## TASK STATEMENT:
Please output the entries below exactly as they are.

## DATA SUPPLIED:
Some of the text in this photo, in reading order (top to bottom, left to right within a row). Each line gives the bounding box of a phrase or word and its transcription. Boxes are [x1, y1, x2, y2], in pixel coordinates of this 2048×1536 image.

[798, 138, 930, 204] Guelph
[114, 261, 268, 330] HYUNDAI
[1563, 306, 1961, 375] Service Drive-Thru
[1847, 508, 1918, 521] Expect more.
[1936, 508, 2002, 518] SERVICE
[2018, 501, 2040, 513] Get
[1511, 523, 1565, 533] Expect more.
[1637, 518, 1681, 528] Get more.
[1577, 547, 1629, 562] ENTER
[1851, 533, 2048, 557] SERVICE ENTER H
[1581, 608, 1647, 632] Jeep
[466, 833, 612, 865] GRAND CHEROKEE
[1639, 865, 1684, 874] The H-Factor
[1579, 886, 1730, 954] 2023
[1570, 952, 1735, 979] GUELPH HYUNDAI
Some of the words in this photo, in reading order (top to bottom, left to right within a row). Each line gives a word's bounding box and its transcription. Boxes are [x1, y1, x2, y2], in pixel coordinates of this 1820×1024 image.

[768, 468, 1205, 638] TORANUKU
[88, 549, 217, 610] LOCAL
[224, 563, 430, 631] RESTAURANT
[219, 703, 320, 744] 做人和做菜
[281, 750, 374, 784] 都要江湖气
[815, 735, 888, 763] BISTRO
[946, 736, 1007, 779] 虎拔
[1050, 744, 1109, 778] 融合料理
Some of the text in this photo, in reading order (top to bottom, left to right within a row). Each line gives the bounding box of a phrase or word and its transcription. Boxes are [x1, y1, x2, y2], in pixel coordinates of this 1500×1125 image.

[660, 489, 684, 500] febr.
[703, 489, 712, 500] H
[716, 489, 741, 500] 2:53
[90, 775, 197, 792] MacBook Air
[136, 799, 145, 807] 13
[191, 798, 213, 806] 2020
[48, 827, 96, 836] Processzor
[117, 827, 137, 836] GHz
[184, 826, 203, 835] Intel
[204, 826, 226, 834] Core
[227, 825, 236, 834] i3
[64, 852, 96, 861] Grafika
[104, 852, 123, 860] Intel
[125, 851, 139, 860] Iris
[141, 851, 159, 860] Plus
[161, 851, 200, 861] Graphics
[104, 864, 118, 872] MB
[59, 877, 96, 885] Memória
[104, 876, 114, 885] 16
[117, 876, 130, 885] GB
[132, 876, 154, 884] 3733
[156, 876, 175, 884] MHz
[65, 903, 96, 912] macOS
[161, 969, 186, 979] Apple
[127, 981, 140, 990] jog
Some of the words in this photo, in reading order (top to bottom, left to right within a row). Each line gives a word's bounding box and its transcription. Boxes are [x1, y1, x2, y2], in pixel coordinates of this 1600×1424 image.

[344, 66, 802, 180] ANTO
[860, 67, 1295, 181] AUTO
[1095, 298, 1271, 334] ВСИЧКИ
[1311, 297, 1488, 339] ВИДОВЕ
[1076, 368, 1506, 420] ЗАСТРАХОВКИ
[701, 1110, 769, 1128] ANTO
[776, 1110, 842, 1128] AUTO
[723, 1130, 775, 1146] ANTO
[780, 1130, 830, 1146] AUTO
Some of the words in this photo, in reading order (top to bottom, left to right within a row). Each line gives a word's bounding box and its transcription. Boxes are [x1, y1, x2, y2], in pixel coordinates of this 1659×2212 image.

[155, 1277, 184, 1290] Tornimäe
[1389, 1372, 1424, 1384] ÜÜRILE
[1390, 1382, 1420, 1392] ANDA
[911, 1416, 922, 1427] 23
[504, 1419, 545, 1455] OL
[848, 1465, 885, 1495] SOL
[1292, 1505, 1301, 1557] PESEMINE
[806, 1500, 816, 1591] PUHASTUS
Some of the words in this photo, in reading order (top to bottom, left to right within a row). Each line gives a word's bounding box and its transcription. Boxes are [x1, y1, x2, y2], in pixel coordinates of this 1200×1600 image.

## PROBLEM SOLUTION:
Some of the text in this photo, in reading order (top to bottom, left to right within a row). Each line gives the bounding box of a phrase or word and its transcription. Boxes are [x1, y1, x2, y2], in pixel coordinates of this 2048×1536 image.

[798, 138, 930, 204] Guelph
[114, 261, 268, 330] HYUNDAI
[1563, 306, 1961, 375] Service Drive-Thru
[1847, 508, 1918, 521] Expect more.
[1936, 508, 2002, 518] SERVICE
[2018, 501, 2040, 513] Get
[1511, 523, 1565, 533] Expect more.
[1637, 518, 1681, 528] Get more.
[1577, 547, 1629, 562] ENTER
[1851, 533, 2048, 557] SERVICE ENTER H
[1581, 608, 1647, 632] Jeep
[466, 833, 612, 865] GRAND CHEROKEE
[1639, 865, 1684, 874] The H-Factor
[1579, 886, 1730, 954] 2023
[1570, 952, 1735, 979] GUELPH HYUNDAI
Some of the words in this photo, in reading order (top to bottom, left to right within a row). Each line gives a word's bounding box and its transcription. Boxes are [x1, y1, x2, y2], in pixel coordinates of this 1820×1024 image.

[768, 468, 1205, 638] TORANUKU
[88, 549, 217, 610] LOCAL
[224, 563, 430, 631] RESTAURANT
[219, 703, 320, 744] 做人和做菜
[281, 750, 374, 784] 都要江湖气
[815, 735, 888, 763] BISTRO
[946, 736, 1007, 779] 虎拔
[1050, 744, 1109, 778] 融合料理
Some of the text in this photo, in reading order (top to bottom, left to right within a row). Each line gives the bounding box of a phrase or word and its transcription. Boxes are [x1, y1, x2, y2], in pixel coordinates of this 1500×1125 image.

[660, 489, 684, 500] febr.
[703, 489, 712, 500] H
[716, 489, 741, 500] 2:53
[90, 775, 197, 792] MacBook Air
[136, 799, 145, 807] 13
[191, 798, 213, 806] 2020
[48, 827, 96, 836] Processzor
[117, 827, 137, 836] GHz
[184, 826, 203, 835] Intel
[204, 826, 226, 834] Core
[227, 825, 236, 834] i3
[64, 852, 96, 861] Grafika
[104, 852, 123, 860] Intel
[125, 851, 139, 860] Iris
[141, 851, 159, 860] Plus
[161, 851, 200, 861] Graphics
[104, 864, 118, 872] MB
[59, 877, 96, 885] Memória
[104, 876, 114, 885] 16
[117, 876, 130, 885] GB
[132, 876, 154, 884] 3733
[156, 876, 175, 884] MHz
[65, 903, 96, 912] macOS
[161, 969, 186, 979] Apple
[127, 981, 140, 990] jog
Some of the words in this photo, in reading order (top to bottom, left to right within a row). Each line gives a word's bounding box and its transcription. Boxes are [x1, y1, x2, y2], in pixel coordinates of this 1600×1424 image.

[344, 66, 802, 180] ANTO
[860, 67, 1295, 181] AUTO
[1095, 298, 1271, 334] ВСИЧКИ
[1311, 297, 1488, 339] ВИДОВЕ
[1076, 368, 1506, 420] ЗАСТРАХОВКИ
[701, 1110, 769, 1128] ANTO
[776, 1110, 842, 1128] AUTO
[723, 1130, 775, 1146] ANTO
[780, 1130, 830, 1146] AUTO
Some of the words in this photo, in reading order (top to bottom, left to right within a row). Each line gives a word's bounding box and its transcription. Boxes are [x1, y1, x2, y2], in pixel coordinates of this 1659×2212 image.

[155, 1277, 184, 1290] Tornimäe
[1389, 1372, 1424, 1384] ÜÜRILE
[1390, 1382, 1420, 1392] ANDA
[911, 1416, 922, 1427] 23
[504, 1419, 545, 1455] OL
[848, 1465, 885, 1495] SOL
[1292, 1505, 1301, 1557] PESEMINE
[806, 1500, 816, 1591] PUHASTUS
Some of the words in this photo, in reading order (top to bottom, left to right within a row). Each line gives a word's bounding box and its transcription. Boxes are [x1, y1, x2, y2], in pixel coordinates of this 1200×1600 image.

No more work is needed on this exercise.